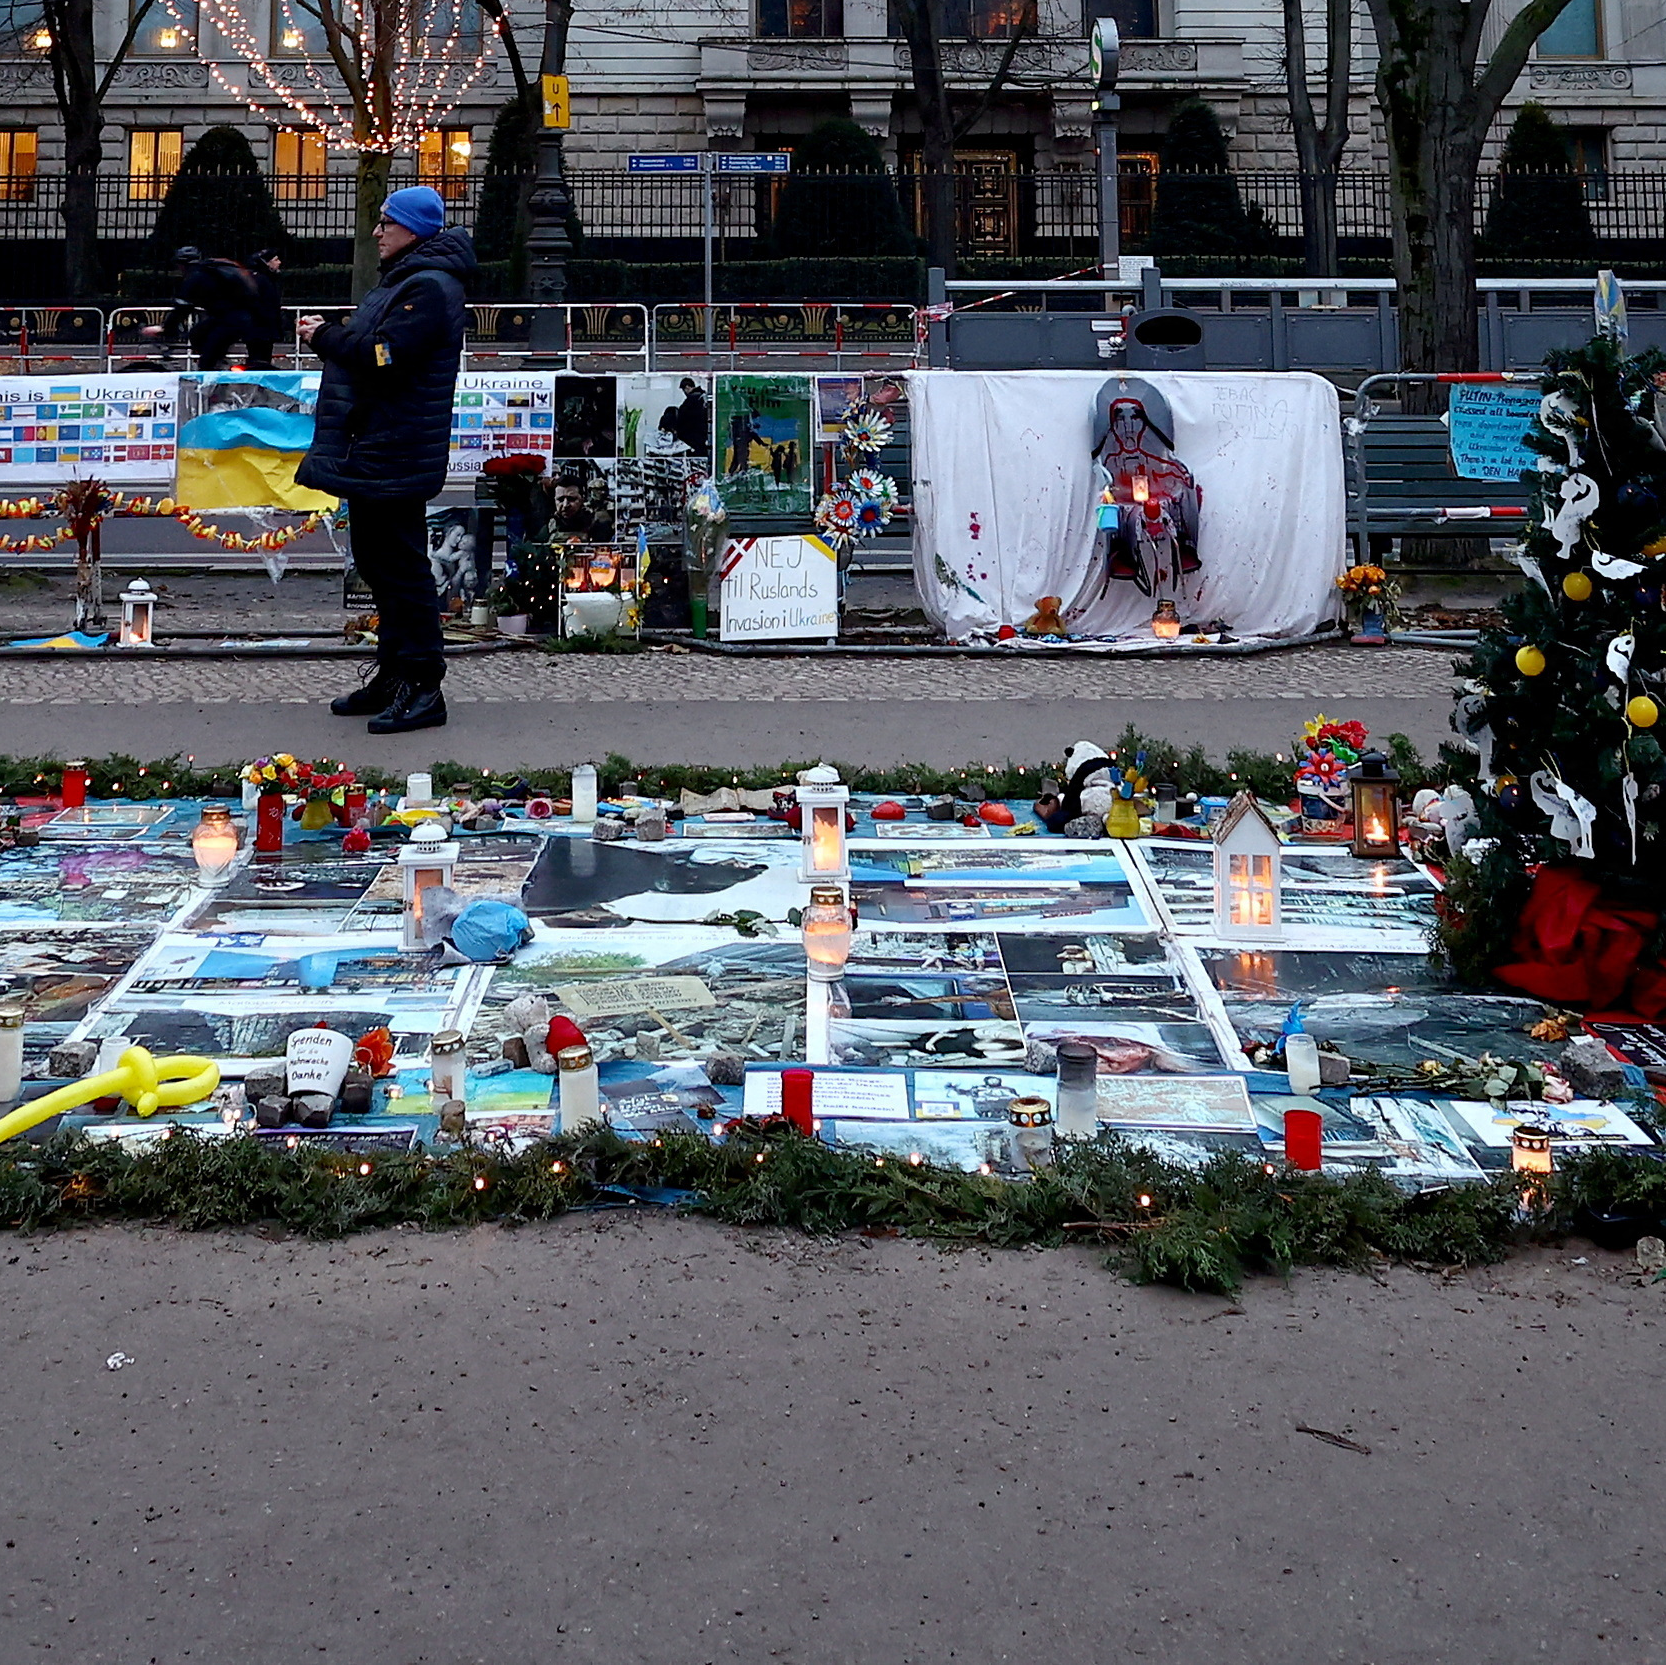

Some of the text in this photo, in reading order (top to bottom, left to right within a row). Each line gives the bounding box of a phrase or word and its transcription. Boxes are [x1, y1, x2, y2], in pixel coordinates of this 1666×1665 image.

[552, 82, 560, 95] U
[463, 377, 544, 390] Ukraine
[28, 389, 44, 402] is
[85, 387, 167, 400] Ukraine
[1489, 407, 1503, 417] all
[1482, 465, 1501, 476] DEN
[755, 538, 803, 569] NEJ
[724, 570, 819, 601] til Ruslands
[725, 605, 835, 633] Invasion i Ukraine
[291, 1032, 332, 1050] Spenden
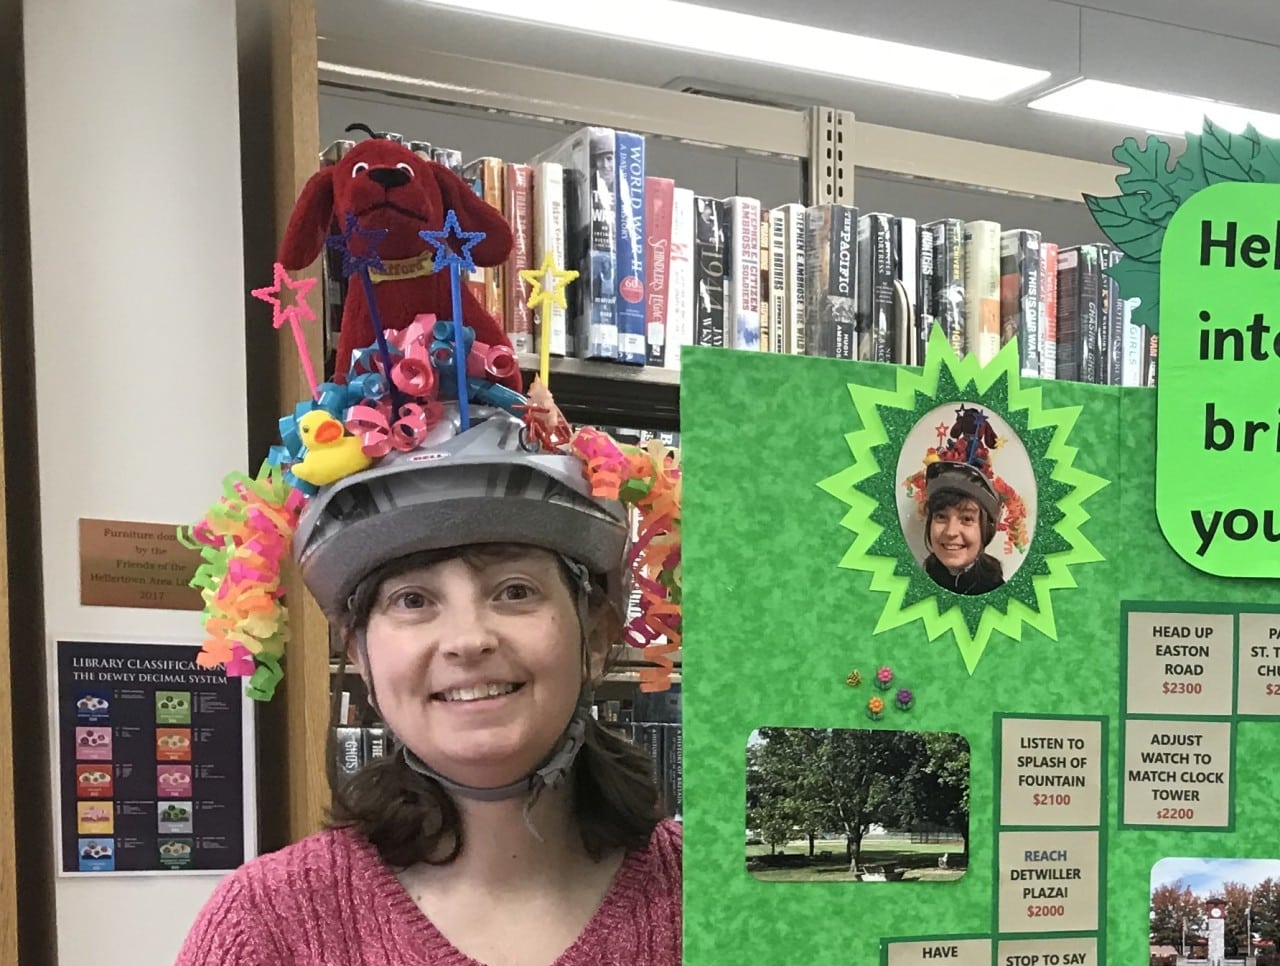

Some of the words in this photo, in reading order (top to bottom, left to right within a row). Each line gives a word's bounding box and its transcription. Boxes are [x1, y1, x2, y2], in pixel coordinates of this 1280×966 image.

[628, 146, 643, 209] WORLD
[741, 202, 750, 257] AMBROSE
[796, 211, 805, 251] STEPHEN
[838, 230, 851, 295] PACIFIC
[741, 264, 750, 311] SOLDIERS
[749, 264, 758, 313] CITIZEN
[796, 261, 805, 305] AMBROSE
[1027, 270, 1037, 296] THIS
[1026, 309, 1037, 333] OUR
[1087, 301, 1097, 350] CHASING
[1026, 335, 1037, 360] WAR
[1128, 326, 1138, 365] GIRLS
[1086, 352, 1096, 383] GHOS
[104, 528, 154, 540] Furniture
[136, 545, 146, 556] by
[151, 545, 167, 554] the
[116, 560, 155, 569] Friends
[158, 562, 169, 570] of
[171, 563, 187, 572] the
[91, 573, 146, 584] Hellertown
[150, 577, 173, 586] Area
[140, 591, 165, 600] 2017
[1153, 626, 1190, 638] HEAD
[1195, 627, 1213, 638] UP
[1156, 645, 1209, 657] EASTON
[73, 657, 124, 668] LIBRARY
[1165, 664, 1203, 675] ROAD
[73, 672, 97, 681] THE
[99, 672, 136, 682] DEWEY
[138, 673, 187, 683] DECIMAL
[189, 674, 227, 685] SYSTEM
[1163, 682, 1201, 694] $2300
[371, 738, 383, 758] THE
[1021, 738, 1063, 749] LISTEN
[1067, 739, 1084, 749] TO
[345, 741, 358, 769] GHOS
[1018, 756, 1066, 768] SPLASH
[1071, 758, 1086, 768] OF
[1019, 775, 1085, 787] FOUNTAIN
[1033, 794, 1070, 806] $2100
[1025, 851, 1066, 861] REACH
[1011, 869, 1081, 880] DETWILLER
[1028, 905, 1064, 917] $2000
[923, 946, 958, 958] HAVE

### Exercise instructions
Please retype the records above exactly, but leave out any pictures.

### Expected answer
Some of the text in this photo, in reading order (top to bottom, left to right within a row). Each line gives the bounding box of a phrase or word and its transcription. Boxes are [x1, y1, x2, y2], in pixel coordinates of this 1666×1665 image.

[552, 82, 560, 95] U
[463, 377, 544, 390] Ukraine
[28, 389, 44, 402] is
[85, 387, 167, 400] Ukraine
[1489, 407, 1503, 417] all
[1482, 465, 1501, 476] DEN
[755, 538, 803, 569] NEJ
[724, 570, 819, 601] til Ruslands
[725, 605, 835, 633] Invasion i Ukraine
[291, 1032, 332, 1050] Spenden

Some of the words in this photo, in reading order (top to bottom, left to right within a row). Each line gives a word's bounding box and its transcription. Boxes are [x1, y1, x2, y2], in pixel coordinates of this 1280×966 image.

[628, 146, 643, 209] WORLD
[741, 202, 750, 257] AMBROSE
[796, 211, 805, 251] STEPHEN
[838, 230, 851, 295] PACIFIC
[741, 264, 750, 311] SOLDIERS
[749, 264, 758, 313] CITIZEN
[796, 261, 805, 305] AMBROSE
[1027, 270, 1037, 296] THIS
[1026, 309, 1037, 333] OUR
[1087, 301, 1097, 350] CHASING
[1026, 335, 1037, 360] WAR
[1128, 326, 1138, 365] GIRLS
[1086, 352, 1096, 383] GHOS
[104, 528, 154, 540] Furniture
[136, 545, 146, 556] by
[151, 545, 167, 554] the
[116, 560, 155, 569] Friends
[158, 562, 169, 570] of
[171, 563, 187, 572] the
[91, 573, 146, 584] Hellertown
[150, 577, 173, 586] Area
[140, 591, 165, 600] 2017
[1153, 626, 1190, 638] HEAD
[1195, 627, 1213, 638] UP
[1156, 645, 1209, 657] EASTON
[73, 657, 124, 668] LIBRARY
[1165, 664, 1203, 675] ROAD
[73, 672, 97, 681] THE
[99, 672, 136, 682] DEWEY
[138, 673, 187, 683] DECIMAL
[189, 674, 227, 685] SYSTEM
[1163, 682, 1201, 694] $2300
[371, 738, 383, 758] THE
[1021, 738, 1063, 749] LISTEN
[1067, 739, 1084, 749] TO
[345, 741, 358, 769] GHOS
[1018, 756, 1066, 768] SPLASH
[1071, 758, 1086, 768] OF
[1019, 775, 1085, 787] FOUNTAIN
[1033, 794, 1070, 806] $2100
[1025, 851, 1066, 861] REACH
[1011, 869, 1081, 880] DETWILLER
[1028, 905, 1064, 917] $2000
[923, 946, 958, 958] HAVE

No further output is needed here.